Okay, I get what you are saying with your analogy and I think I have been lazy or ineffective with my explanation and wording.  Let me try to explain better.  If nothing else, it will help you understand where my thinking is wrong and to educate me better.

The term flow limit implies (to me at least) an obstruction.  In industry, doing process control work, I would partially close a valve or introduce some other obstruction when I wanted to limit a flow rate.  For humans the equivalent might be strangulation, choking, the tongue dropping back or the airway collapsing.  In this case, the flow limit is what causes the reduction / cessation of air flow, which causes desaturation.

But I can stop or reduce flow with my mouth and airway open (for a period of time) but nothing obstructing flow in any way.  I do this by ceasing / reducing movement my diaphragm, i.e by holding my breath as you said.  As you point out, the reduced flow will lead to desaturation but it is the diaphragm (which I incorrectly labelled the desaturation) that is the cause rather than a physical obstructive flow limitation.

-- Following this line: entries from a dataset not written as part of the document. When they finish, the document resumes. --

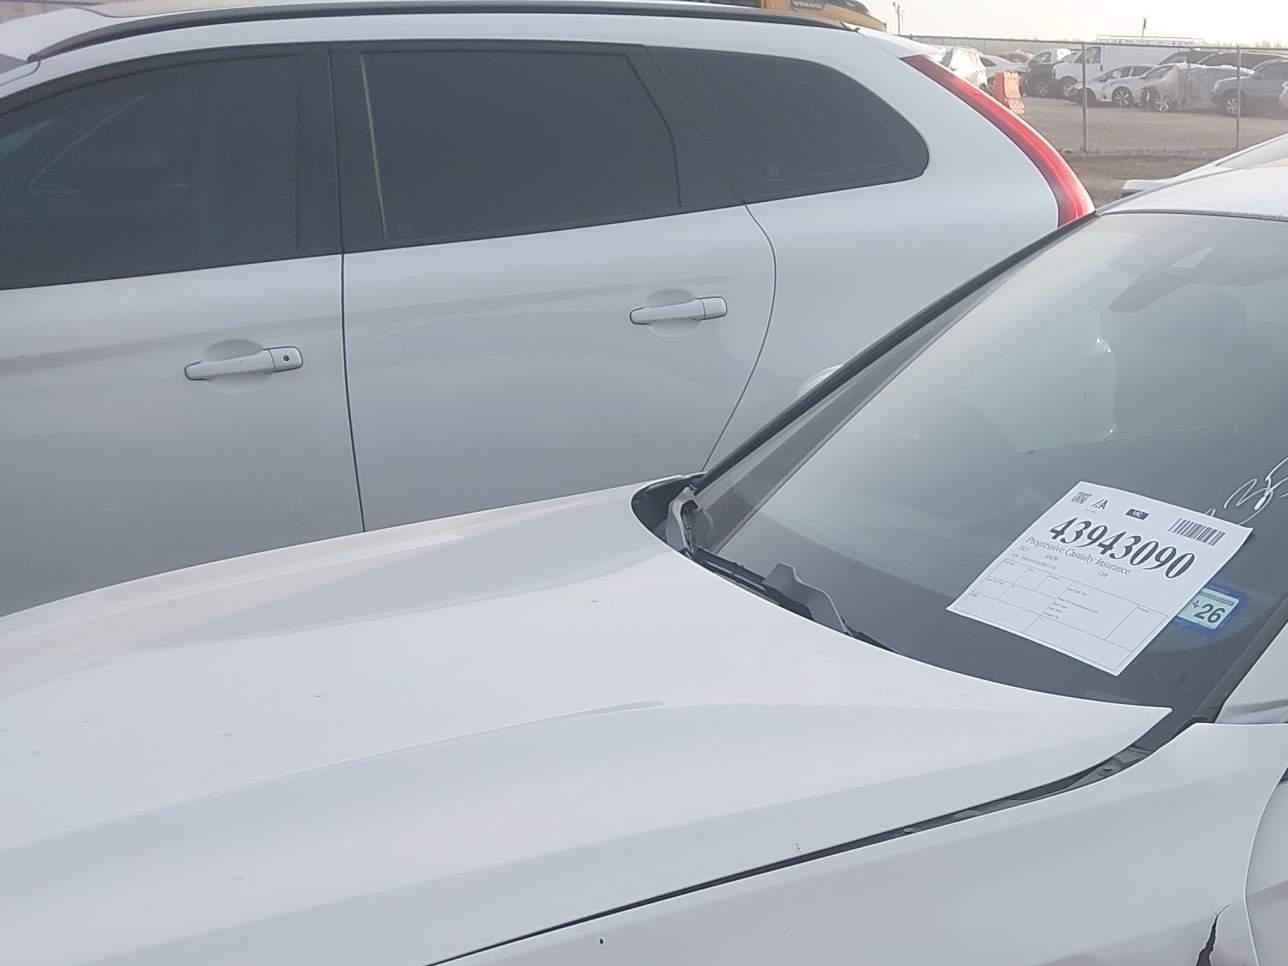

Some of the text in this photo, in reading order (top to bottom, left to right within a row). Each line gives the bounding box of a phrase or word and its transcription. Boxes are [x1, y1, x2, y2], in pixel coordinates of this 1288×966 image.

[1025, 536, 1066, 554] Progressive
[1065, 547, 1097, 565] Casualty
[1095, 558, 1131, 576] Insurance
[1048, 516, 1195, 579] 43943090
[1193, 603, 1226, 624] 26

Now, the machine only knows that flow has reduced (expected flow < actual flow, with the numerical difference being used to determine the flow limit value), perhaps that the pressure has started to increase and that it needs to reduce the turbine speed to maintain the pressure set point.  I am guessing that the machine calculates and records this flow limit, regardless of cause, and then takes steps to determine if the limit can be classified as an apnea, and which type, a hypopnea or something else. Statistically, of course, it is likely to be obstructive.  But I am not seeing OAs - and I am so sick and tired of statistical medicine that ... No, rather don't let me derail the discussion by going there. 

My point is simply that if I see flow limits during desaturations but not at other times, I think the cause is not obstructive but rather is related to my diaphragm.  As I said, I am new to this, so opinions are welcome.  Suggestions of what I can do to improve matters before my sleep study are sought.

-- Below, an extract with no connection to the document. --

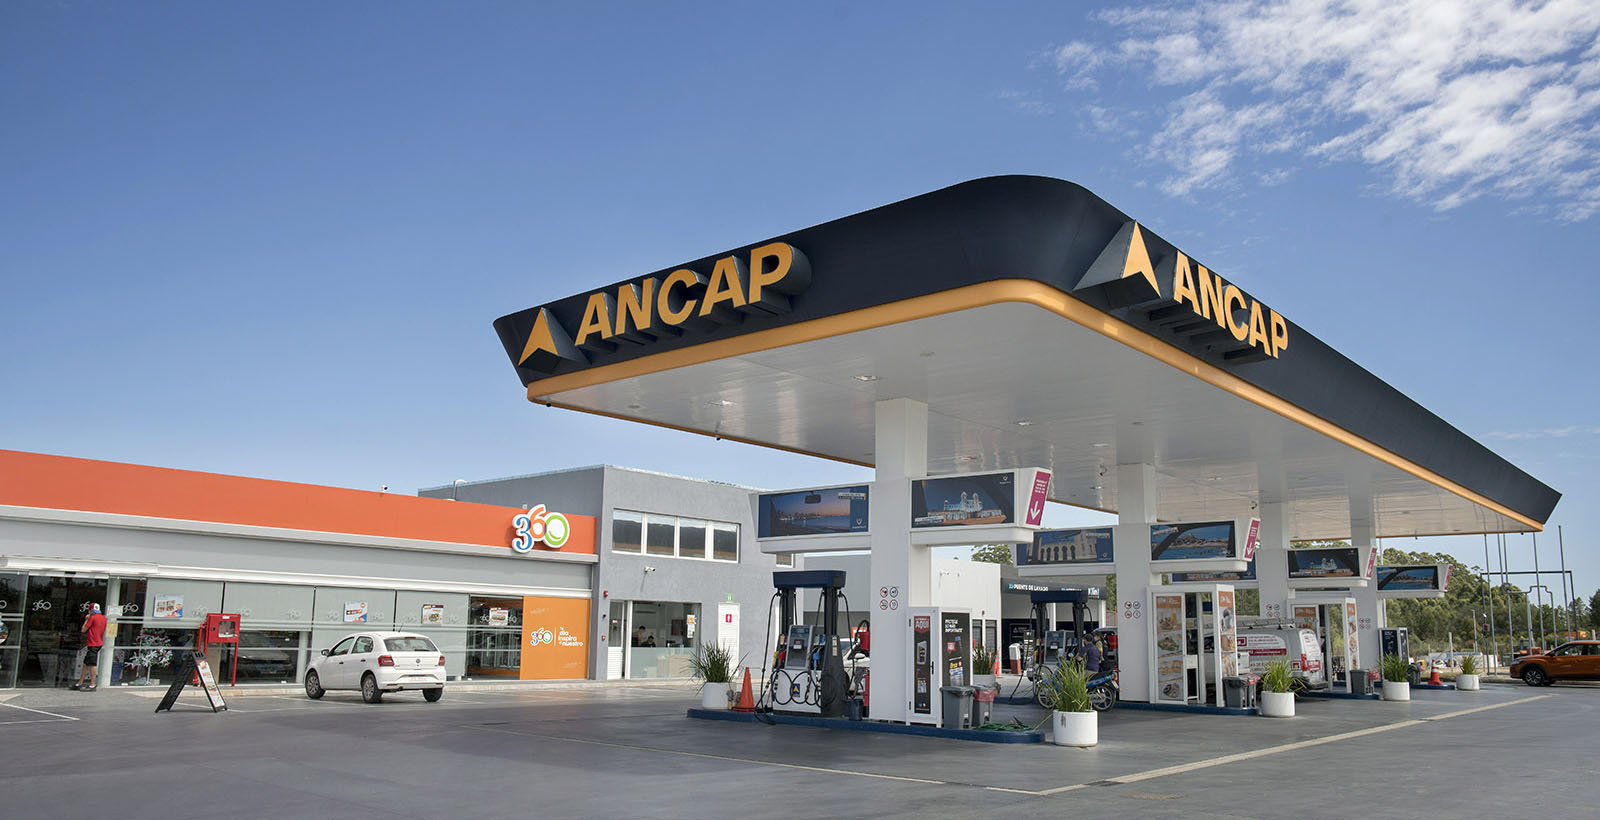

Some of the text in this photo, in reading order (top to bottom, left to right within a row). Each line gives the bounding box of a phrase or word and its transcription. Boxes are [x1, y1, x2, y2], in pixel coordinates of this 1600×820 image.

Apart from the discussion above, you have asked for 3 minute charts.  Here are two from last night with an overview of the whole night for context.  I have picked last night because a chart from the returned DS1 in May is of little interest to me using an AS10 six months later.  I have picked two consecutive 3 minute charts where there was a reasonable flow limit value that can be seen on the chart for the whole night.

Thanks for your help.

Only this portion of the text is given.